Vol 11 No 1 2026-4

Metales pesados y salud neurológica: una revisión sobre su efecto acumulativo y riesgos para la salud pública

Heavy metals and neurological health: a review of their cumulative effect and risks to public health

Denise Ilcen Contreras Zapata*1 dennycz@gmail.com . ORCID https://orcid.org/0000-0001-7912-7095

María Emilia Sánchez Rodríguez2  mariaemiliasanch@gmail.com . ORCID https://orcid.org/0009-0006-9367-8428

Ivan Jahir Cedeño Santos3  jahircede4321@gmail.com . ORCID https://orcid.org/0009-0009-6648-1146

1,2,3Universidad San Gregorio de Portoviejo, Ecuador

*   Correspondence: dennycz@gmail.com; Tel.: (+593 980058456)

https://doi.org/10.70373/RB/2026.11.01.4

Resumen

Los metales pesados (como el plomo, mercurio o cadmio) y metaloides (como el arsénico) son elementos tóxicos que, al acumularse en el organismo, pueden causar graves daños a la salud. Su principal amenaza para el sistema nervioso es su capacidad para atravesar, la barrera hematoencefálica. Estudios científicos han identificado mecanismos comunes por los cuales estos metales ejercen su efecto neurotóxico: estrés oxidativo, interferencia con la señalización celular, disfunción mitocondrial y agotamiento de defensas antioxidantes. Estos mecanismos están vinculados al desarrollo de enfermedades neurodegenerativas, como el Alzheimer, el Parkinson, la esclerosis múltiple y la esclerosis lateral amiotrófica. La exposición concurrente a varios metales intensifica los efectos nocivos y acelera la aparición de enfermedades, incrementando el riesgo en grupos vulnerables que viven en ambientes no seguros.  Esta revisión centra su análisis en el impacto acumulativo y sinérgico de los metales pesados en la salud neurológica, con énfasis en los factores de riesgo, los mecanismos subyacentes de toxicidad y las implicaciones para la salud pública.
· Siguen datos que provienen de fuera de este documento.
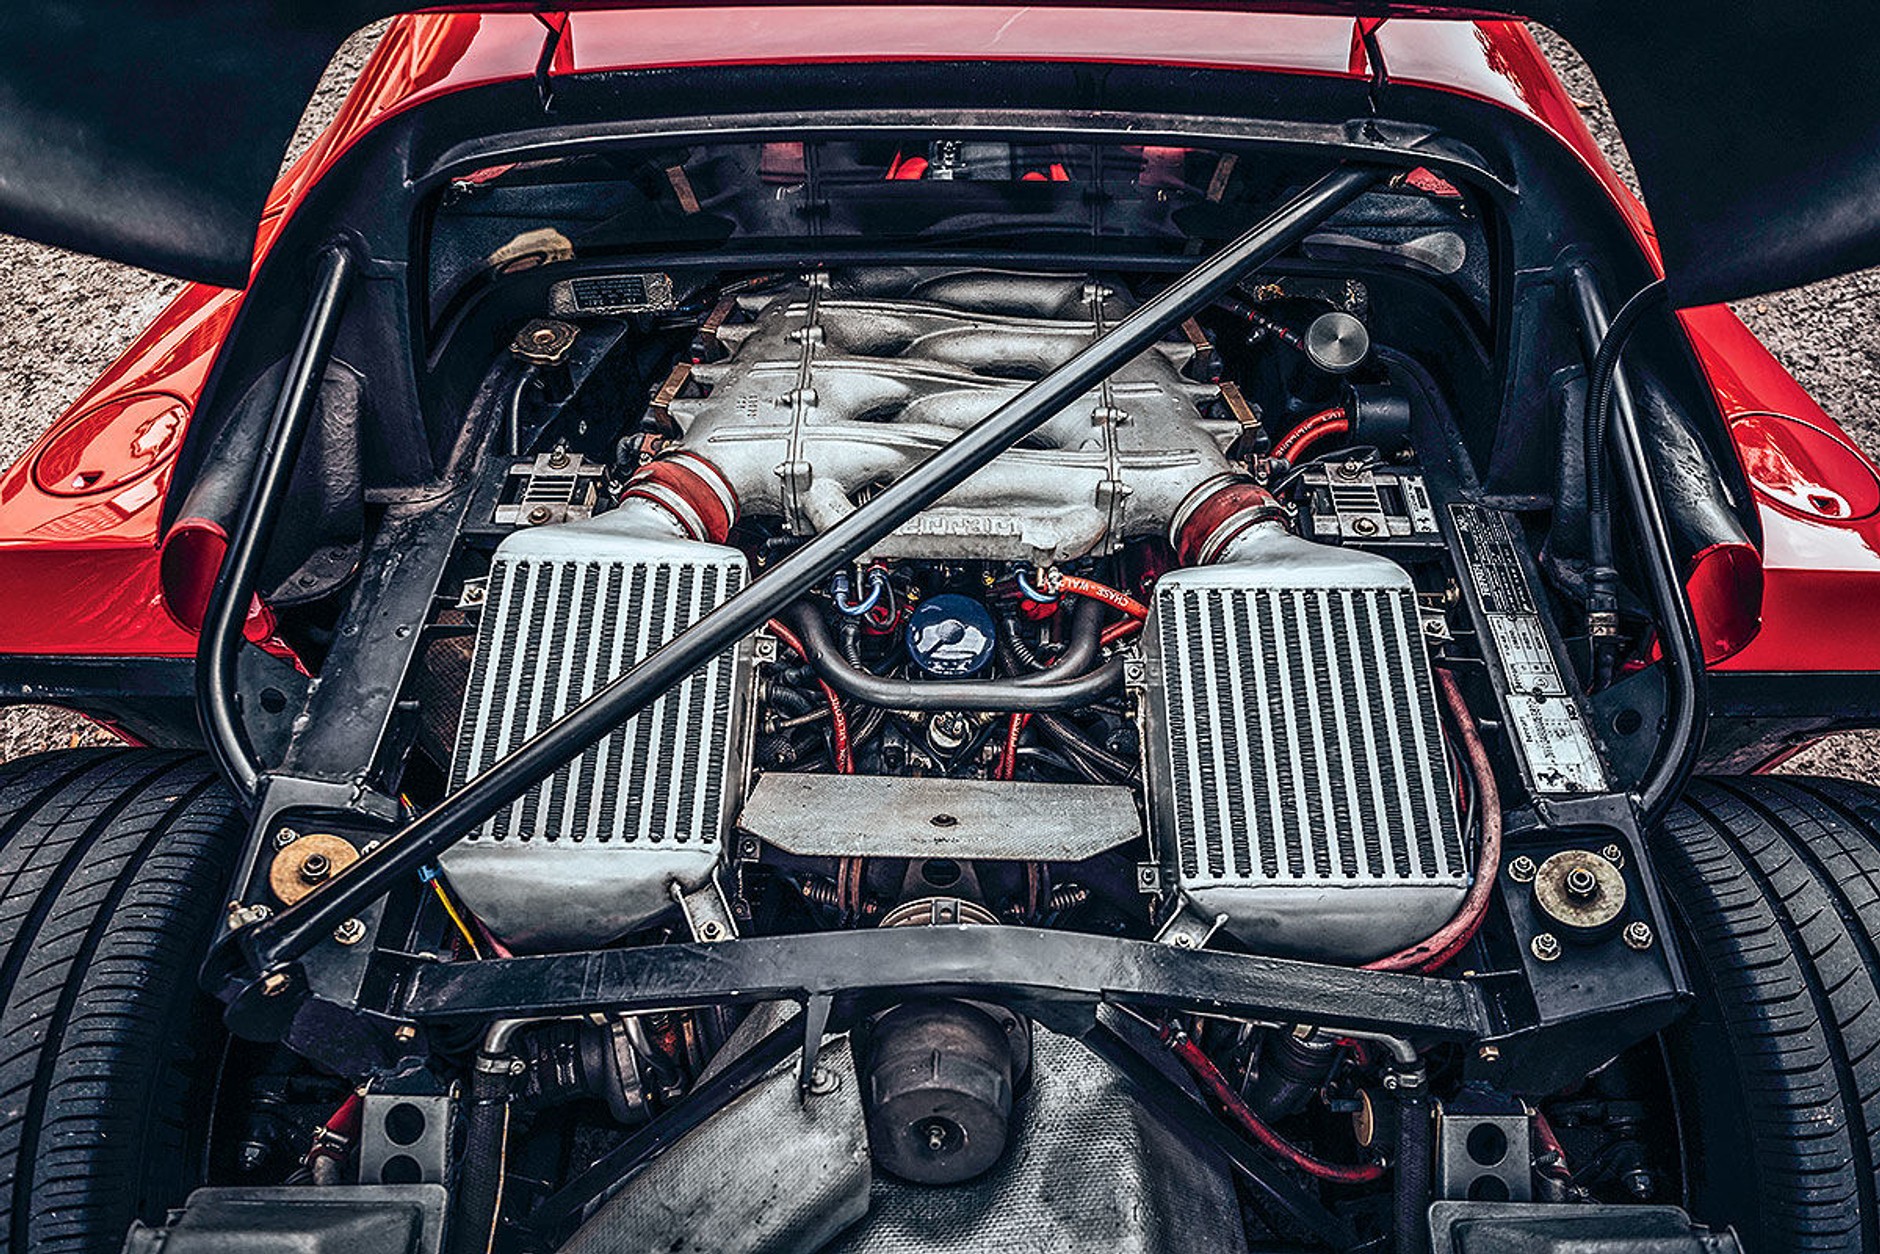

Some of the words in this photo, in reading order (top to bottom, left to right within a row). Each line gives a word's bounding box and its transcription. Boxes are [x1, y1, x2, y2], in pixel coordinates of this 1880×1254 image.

[892, 514, 1022, 536] errari
[1061, 577, 1090, 592] WAL
[1097, 586, 1129, 606] CHASE
Palabras clave: metales pesados; neurodegeneración; enfermedades neurodegenerativas; contaminación del agua por metales

Abstract

Heavy metals (such as lead, mercury, and cadmium) and metalloids (such as arsenic) are toxic elements that, when they accumulate in the body, can cause serious health problems. Their main threat to the nervous system is their ability to cross the blood-brain barrier. Scientific studies have identified common mechanisms by which these metals exert their neurotoxic effects: oxidative stress, interference with cell signaling, mitochondrial dysfunction, and depletion of antioxidant defenses. These mechanisms are linked to the development of neurodegenerative diseases, such as Alzheimer’s, Parkinson’s, multiple sclerosis, and amyotrophic lateral sclerosis (ALS). Concurrent exposure to several metals intensifies the harmful effects and accelerates the onset of diseases, increasing the risk in vulnerable groups living in unsafe environments. This review focuses its analysis on the cumulative and synergistic impact of heavy metals on neurological health, with an emphasis on risk factors, the underlying mechanisms of toxicity, and the implications for public health.

 

Keywords: heavy metals; neurodegeneration; neurodegenerative diseases; water pollution by metals

 

Introducción

La contaminación de los ríos ha emergido como un desafío ambiental de creciente magnitud, especialmente en las naciones en desarrollo, cobrando auge en las últimas décadas. La rápida industrialización y la intensificación de prácticas agrícolas han incrementado la descarga de efluentes tóxicos en cuerpos de agua, situándose entre las principales fuentes de deterioro ambiental a nivel mundial (1). Estos contaminantes, que incluyen tanto compuestos orgánicos como metales pesados, no solo amenazan la biodiversidad acuática, sino que también comprometen la calidad del agua y representan un peligro latente para la salud humana debido a su persistencia y capacidad de bioacumulación.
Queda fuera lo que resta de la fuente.